DEMANDAS DA SOCIEDADE
Frente ao desastre climático que se abateu sobre o Rio Grande do Sul, a Anac também mostrou o seu compromisso em responder às demandas da sociedade, com a autorização para o transporte de cargas de alimentos, produtos de higiene e limpeza, roupas, cobertores, dentre outras necessidades, por aviões agrícolas. Sem esta medida da agência, as aeronaves agrícolas que fizeram transporte de mantimentos e medicamentos para regiões isoladas pela enchente, poderiam estar sujeitas a multas, mesmo fazendo uma ação humanitária.

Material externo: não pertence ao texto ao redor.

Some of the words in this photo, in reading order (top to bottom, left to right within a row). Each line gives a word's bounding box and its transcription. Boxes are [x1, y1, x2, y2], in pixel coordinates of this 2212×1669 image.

Frente à demanda da população gaúcha e diante da disponibilidade de proprietários e pilotos agrícolas de fazerem o transporte aéreo gratuito de produtos de primeira necessidade, a Anac prontamente autorizou os voos (QR Code).
Na mesma linha, as aeronaves que ficaram represadas no Aeroporto Salgado Filho, em Porto Alegre (RS), em razão das enchentes de maio de 2024, puderam ser retiradas do complexo aeroportuário a partir de 8 de junho, mesmo com o fechamento do aeródromo, mediante uma Autorização Especial de Voo Nacional (AEVN).

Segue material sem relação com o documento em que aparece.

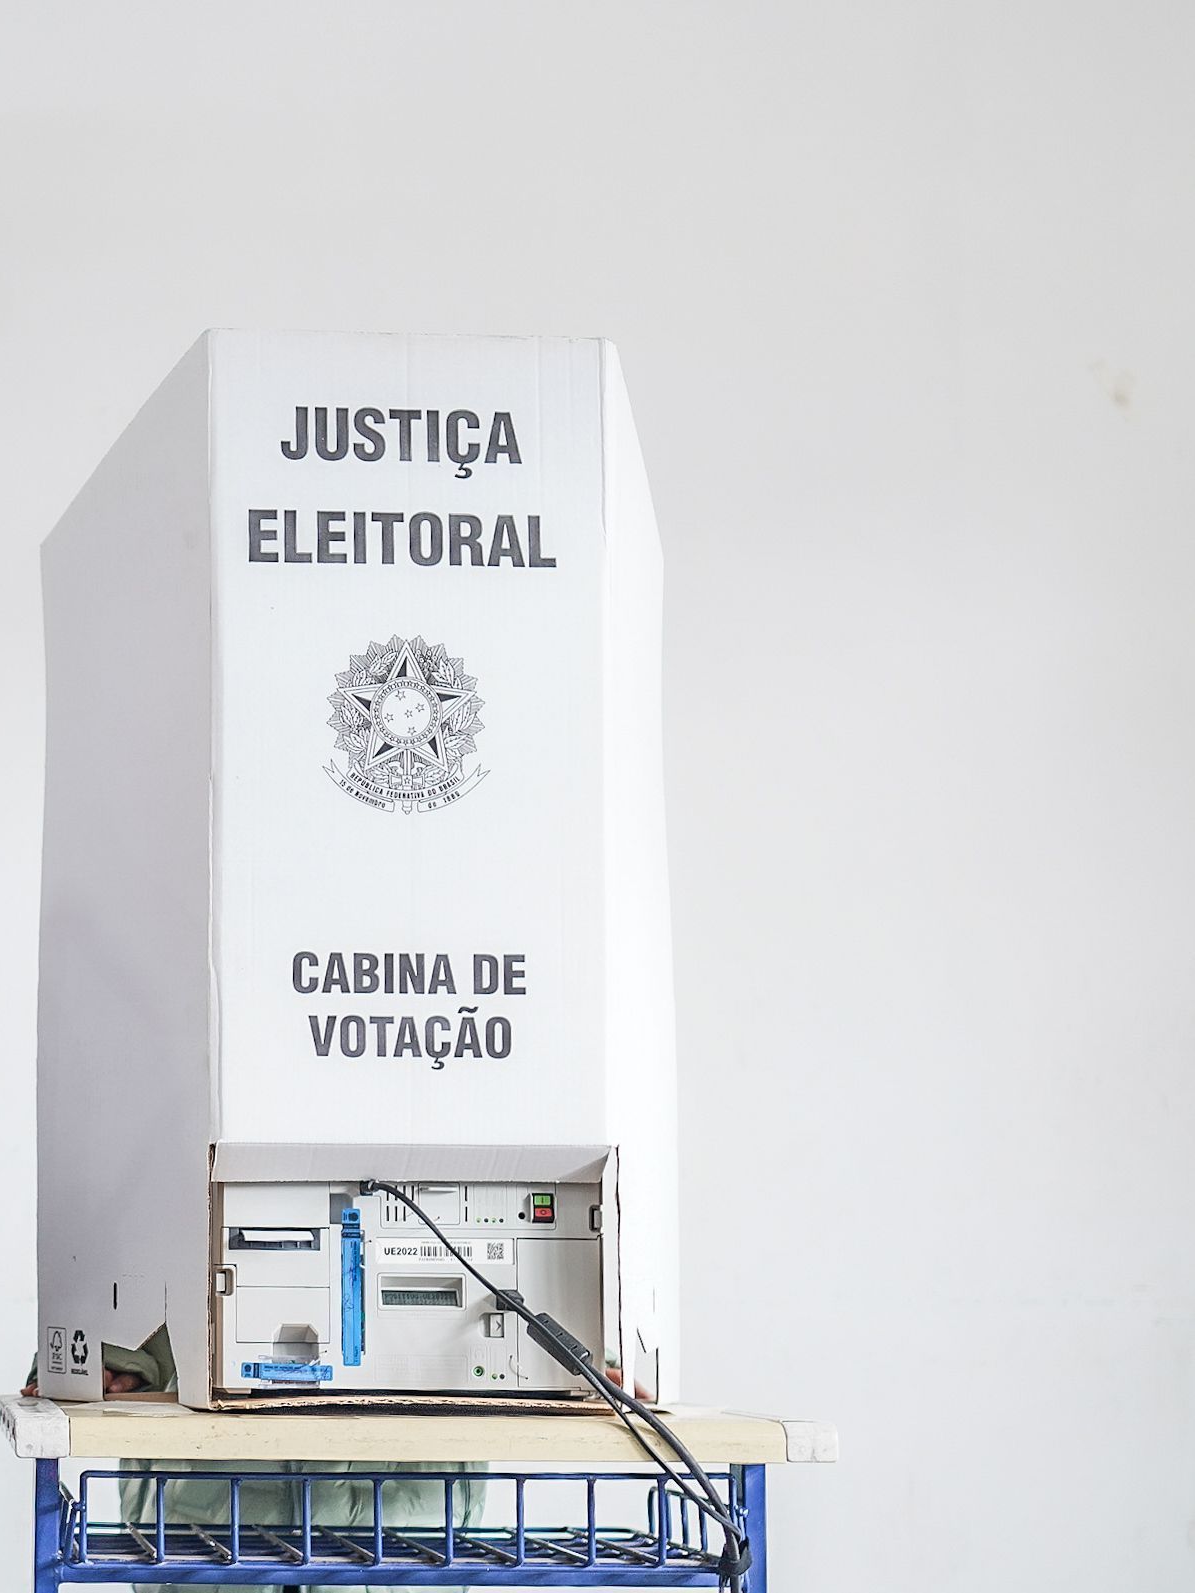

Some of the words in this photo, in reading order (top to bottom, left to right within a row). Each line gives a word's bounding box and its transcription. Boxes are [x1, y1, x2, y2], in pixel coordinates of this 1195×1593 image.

[280, 405, 522, 479] JUSTIÇA
[248, 508, 557, 568] ELEITORAL
[439, 776, 460, 792] BRASIL
[292, 951, 457, 995] CABINA
[473, 953, 527, 996] DE
[308, 1005, 512, 1070] VOTAÇÃO
[384, 1247, 418, 1256] UE2022

Como a regulação responsiva tem como objetivo propor métodos e formas de interação entre o setor privado e o setor público, a fim de alcançar o interesse da sociedade, deve ser saudada como positiva a iniciativa da ANAC de procurar ser mais responsiva. Na esfera da fiscalização, contudo, há ainda um grande caminho a seguir, para que haja mais orientação e menos punição, havendo grande oportunidade para avanço se a advertência, por exemplo, for melhor regulamentada. Por outro lado, cabe ao setor privado procurar a agência e demonstrar as suas demandas, para que nessa interação ocorra uma regulamentação que respeite a realidade e a viabilidade econômica. Fica então a missão para todos – reguladores e regulados – procurarem interagir e assim construírem soluções em conjunto, implantando efetiva regulação responsiva.